The UN rapporteur has been very explicit on the issue of indoctrinating children with UN-backed ideologies. “There is a growing understanding of the need to embed sustainable development values … in educational processes, and efforts are being made to incorporate sustainable development principles into educational curricula to prepare students for the challenges of the future,” she said in a Q&A with the United Nations Educational, Scientific and Cultural Organization (UNESCO) last year.

Another major call in Shaheed’s repot is for federal-level reforms such as ratifying and complying with more international treaties. Among those recommended are the highly controversial UN Convention on the Rights of the Child (CRC) and the International Covenant on Economic, Social and Cultural Rights (ICESCR).

Those agreements, which flagrantly violate the U.S. Constitution, have been cited by governments to assign a government bureaucrat to oversee every child from birth to adulthood. They also mandate that all decisions involving children be made in the “best interest” of the children — as defined by government, rather than parents.   

If adopted, the UN rapporteur’s recommendations would bring U.S. education policy even closer to the ultimate goal of UN-dictated and -monitored global standards. Naturally, this would involve bypassing not just local and parental authority, but even state and national control.  

In her comments to UNESCO, Shaheed also claimed the “evolving right to education” means reinterpreting and developing even more treaties, “international jurisprudence,” and “soft law instruments” at the global level. Citing the “Abidjan Principles on the human rights obligations of States to provide public education,” for instance, she said governments must also “regulate private involvement in education” and “limit undue influence of private actors.” 

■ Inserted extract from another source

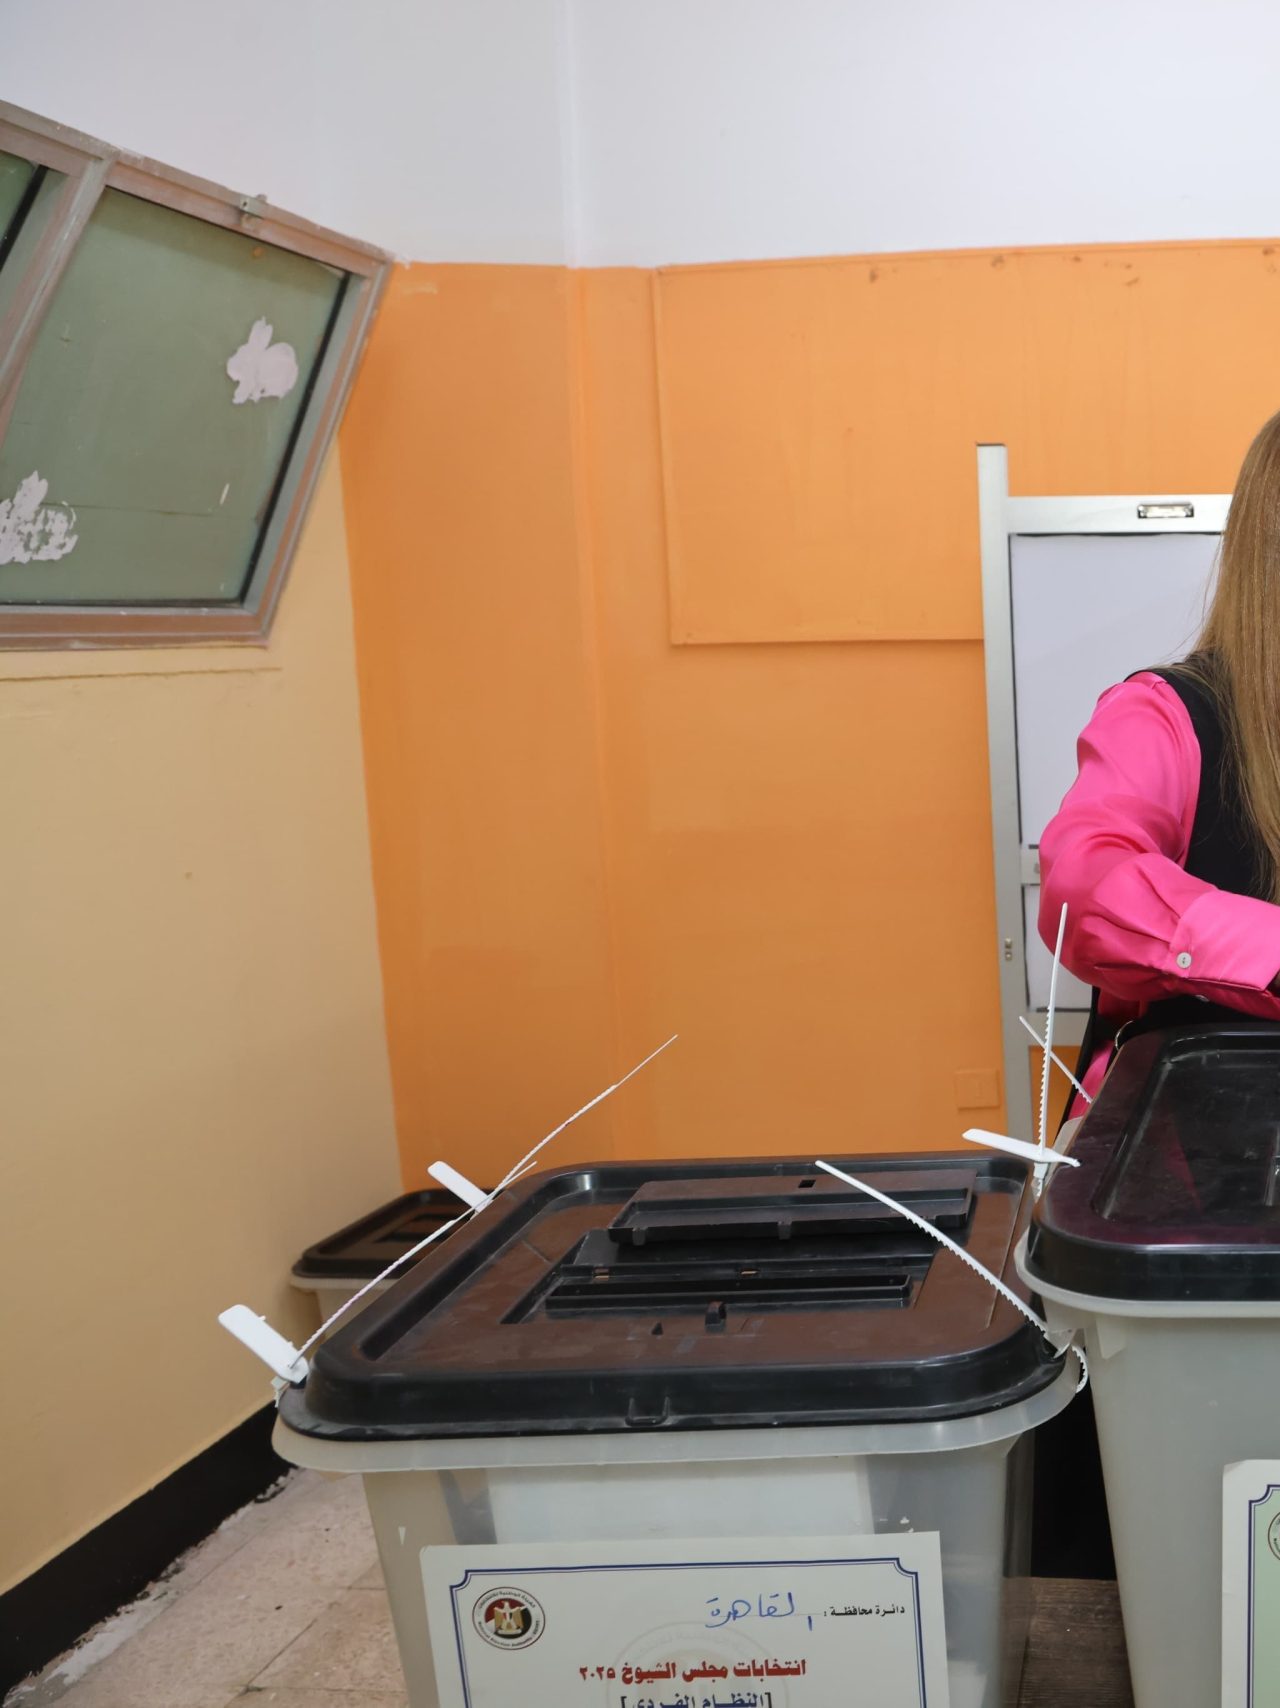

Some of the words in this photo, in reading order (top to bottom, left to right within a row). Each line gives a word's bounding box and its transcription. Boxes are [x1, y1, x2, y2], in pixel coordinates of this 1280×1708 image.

In the UN’s push to reframe government education as a human right that must be enforced by authorities, parental rights, state sovereignty, and academic freedom are all in the crosshairs. The UN no longer even hides the agenda anymore. And as the Pakistani UN rapporteur explained, the U.S. government has made major progress in that direction already. But far more work remains for U.S. education to fully comply with the UN’s vision.

The human rights report on education represents merely the latest salvo in a globalist war on what remains of not just local control over education, but what little remains of traditional education itself. Instead, the UN is openly pushing for a centralized indoctrination system based on ideologically driven mandates in compliance with UN agreements — all under the guise of “human rights,” “quality,” and “equity.”

The special rapporteur’s proposals, if implemented, would fully align U.S. education with the radical agenda of the UN and UNESCO. It would also further the transformation of American classrooms into globalist indoctrination centers and dismantle the very foundations of American liberty and self-government — and not just in education.

The UN report makes that clear. Without the “systemic reforms to funding, governance and assessment” called for by the global outfit, there will be an erosion of the “role of education” in fostering what Shaheed refers to as “social progress.” The UN’s vision of “social progress,” like its understanding of “human rights,” is entirely incompatible with traditional Christian and American values and jurisprudence.

Because culture and politics are both downstream from education, the UN’s vision for restructuring education will — if it succeeds — further the fundamental transformation of every element of American society that has been accelerating for decades. The same changes are being sought worldwide. For liberty and Christian civilization to survive, it is essential to stop this diabolical agenda and dismantle the institutions behind it.